● **INFORMATION PROVIDED**

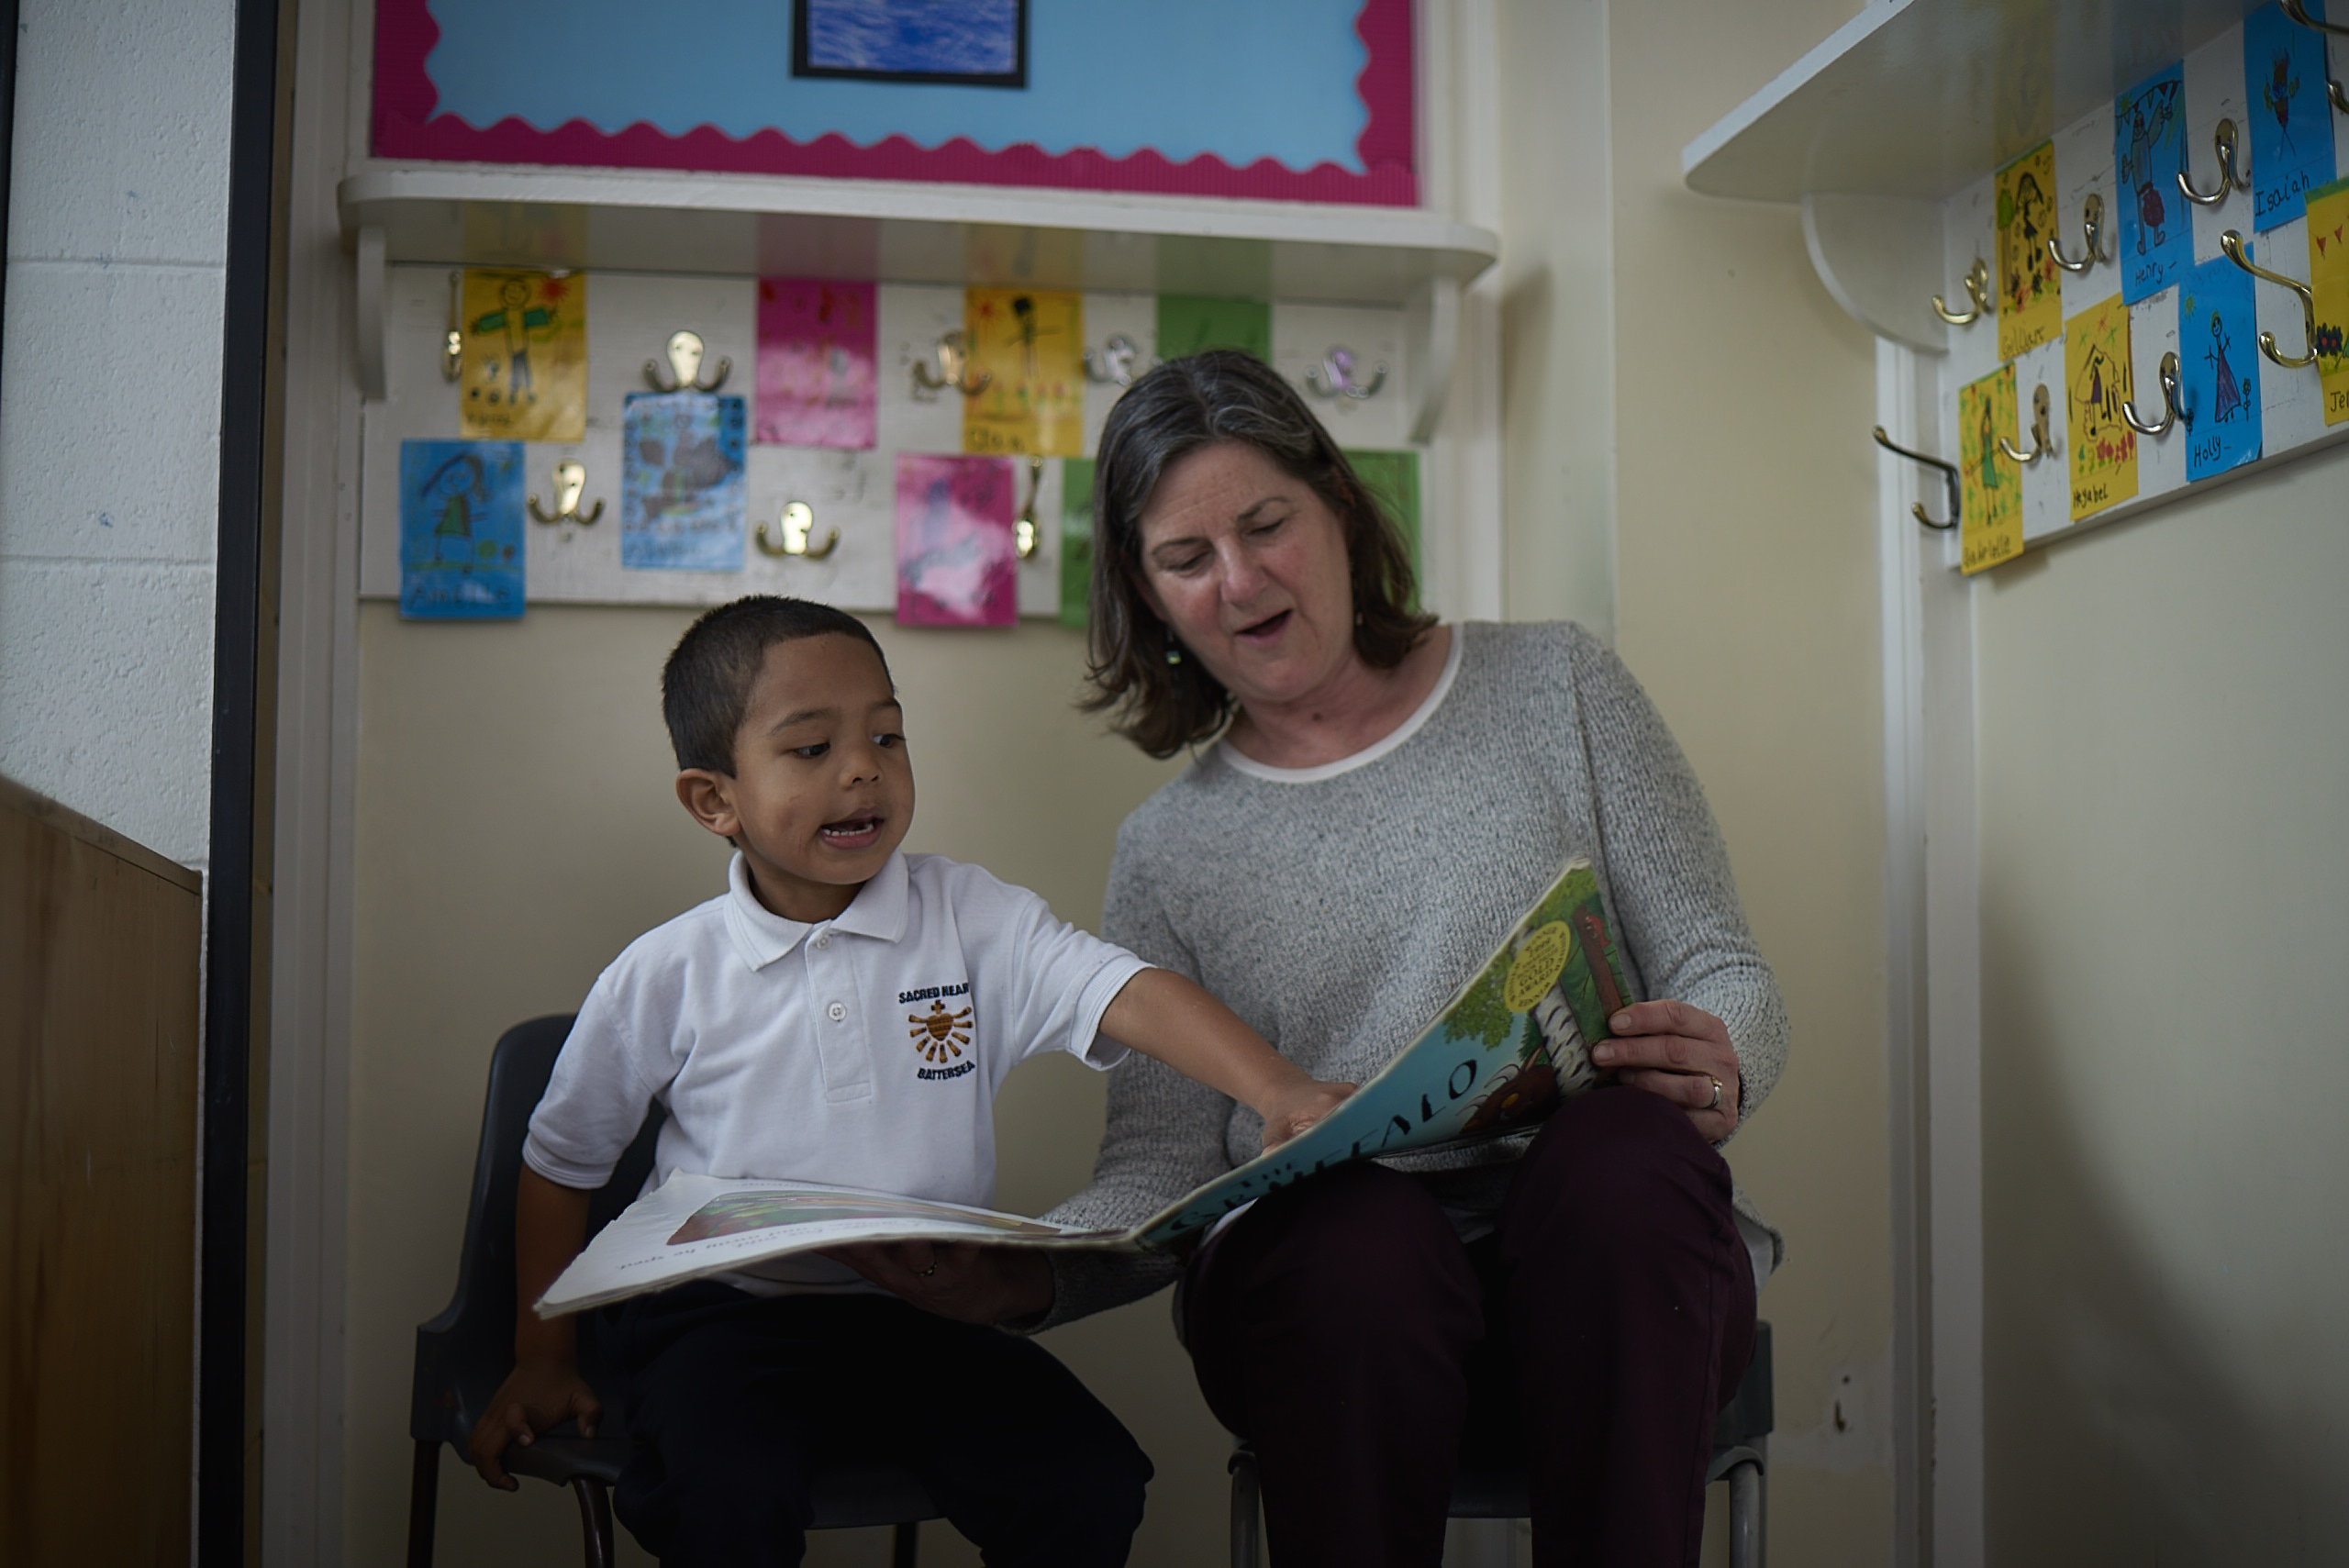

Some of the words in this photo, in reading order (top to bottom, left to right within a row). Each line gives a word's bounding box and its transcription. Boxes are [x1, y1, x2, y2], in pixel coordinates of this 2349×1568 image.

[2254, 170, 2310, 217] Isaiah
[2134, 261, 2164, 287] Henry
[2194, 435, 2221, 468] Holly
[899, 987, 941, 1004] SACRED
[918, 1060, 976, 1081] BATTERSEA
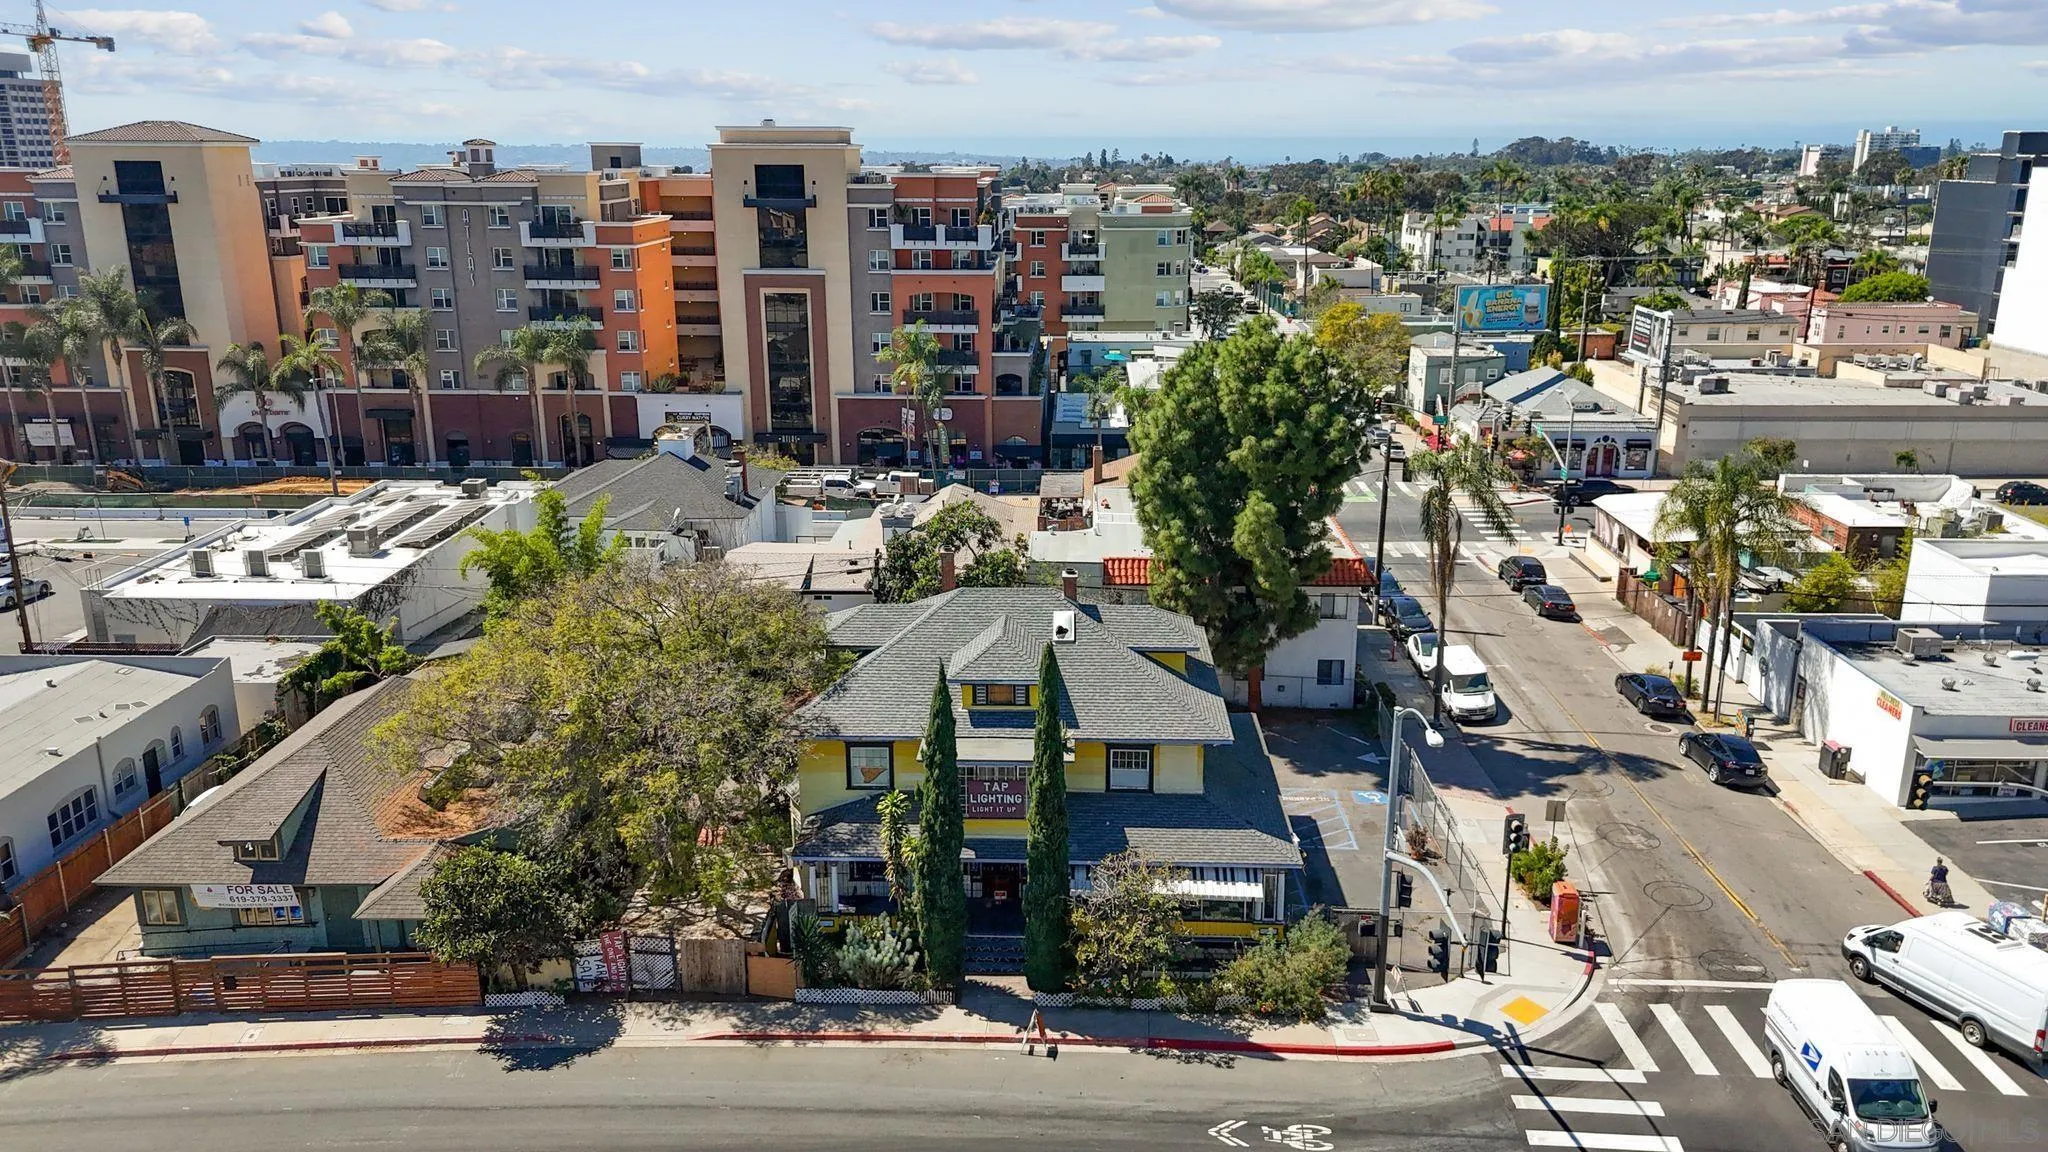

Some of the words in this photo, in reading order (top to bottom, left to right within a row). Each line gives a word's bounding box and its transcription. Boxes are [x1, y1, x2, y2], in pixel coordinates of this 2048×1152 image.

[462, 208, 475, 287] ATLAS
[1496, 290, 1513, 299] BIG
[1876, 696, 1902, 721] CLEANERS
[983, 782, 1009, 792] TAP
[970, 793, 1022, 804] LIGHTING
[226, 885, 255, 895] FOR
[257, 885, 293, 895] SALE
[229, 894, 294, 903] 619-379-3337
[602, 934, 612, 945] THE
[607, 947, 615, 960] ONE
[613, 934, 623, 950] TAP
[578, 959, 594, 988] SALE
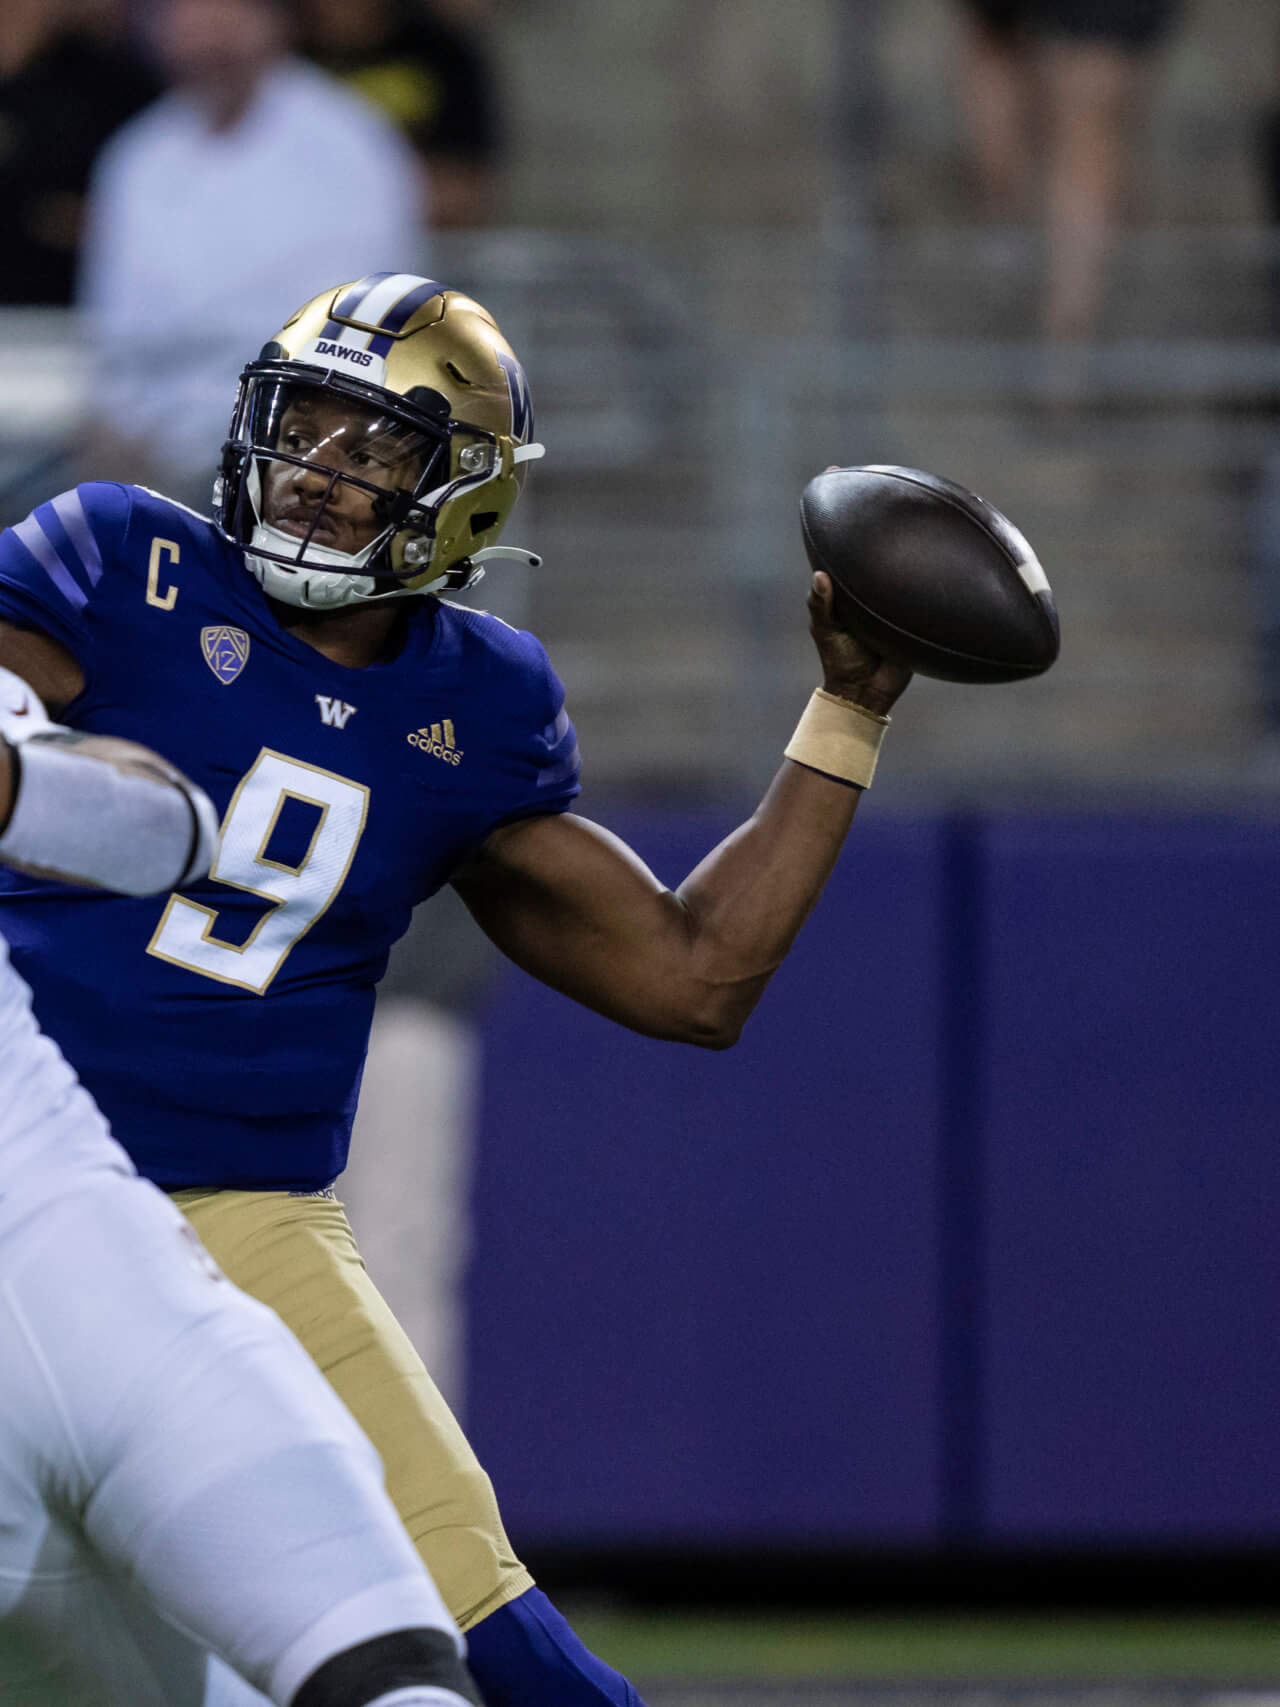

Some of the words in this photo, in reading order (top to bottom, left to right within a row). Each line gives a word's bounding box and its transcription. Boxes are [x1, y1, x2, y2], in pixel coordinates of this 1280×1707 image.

● **WORK TO BE COMPLETED**
Once the pictures are set aside, copy the remaining text of every entry exactly.

● **SOLUTION TO THIS TASK**
Some of the words in this photo, in reading order (top to bottom, left to right within a row). Each line gives a word's bounding box and its transcription. Boxes are [x1, y1, x2, y2], in pixel coordinates of this 2349×1568 image.

[2254, 170, 2310, 217] Isaiah
[2134, 261, 2164, 287] Henry
[2194, 435, 2221, 468] Holly
[899, 987, 941, 1004] SACRED
[918, 1060, 976, 1081] BATTERSEA

Some of the words in this photo, in reading order (top to bottom, left to right within a row). Each line gives a word's bounding box and its transcription. Boxes are [x1, y1, x2, y2], in pixel coordinates of this 2048×1152 image.

[462, 208, 475, 287] ATLAS
[1496, 290, 1513, 299] BIG
[1876, 696, 1902, 721] CLEANERS
[983, 782, 1009, 792] TAP
[970, 793, 1022, 804] LIGHTING
[226, 885, 255, 895] FOR
[257, 885, 293, 895] SALE
[229, 894, 294, 903] 619-379-3337
[602, 934, 612, 945] THE
[607, 947, 615, 960] ONE
[613, 934, 623, 950] TAP
[578, 959, 594, 988] SALE

Some of the words in this photo, in reading order (top to bottom, left to right within a row). Each line gives a word's bounding box and its transcription. Boxes are [x1, y1, x2, y2], in pixel coordinates of this 1280×1707 image.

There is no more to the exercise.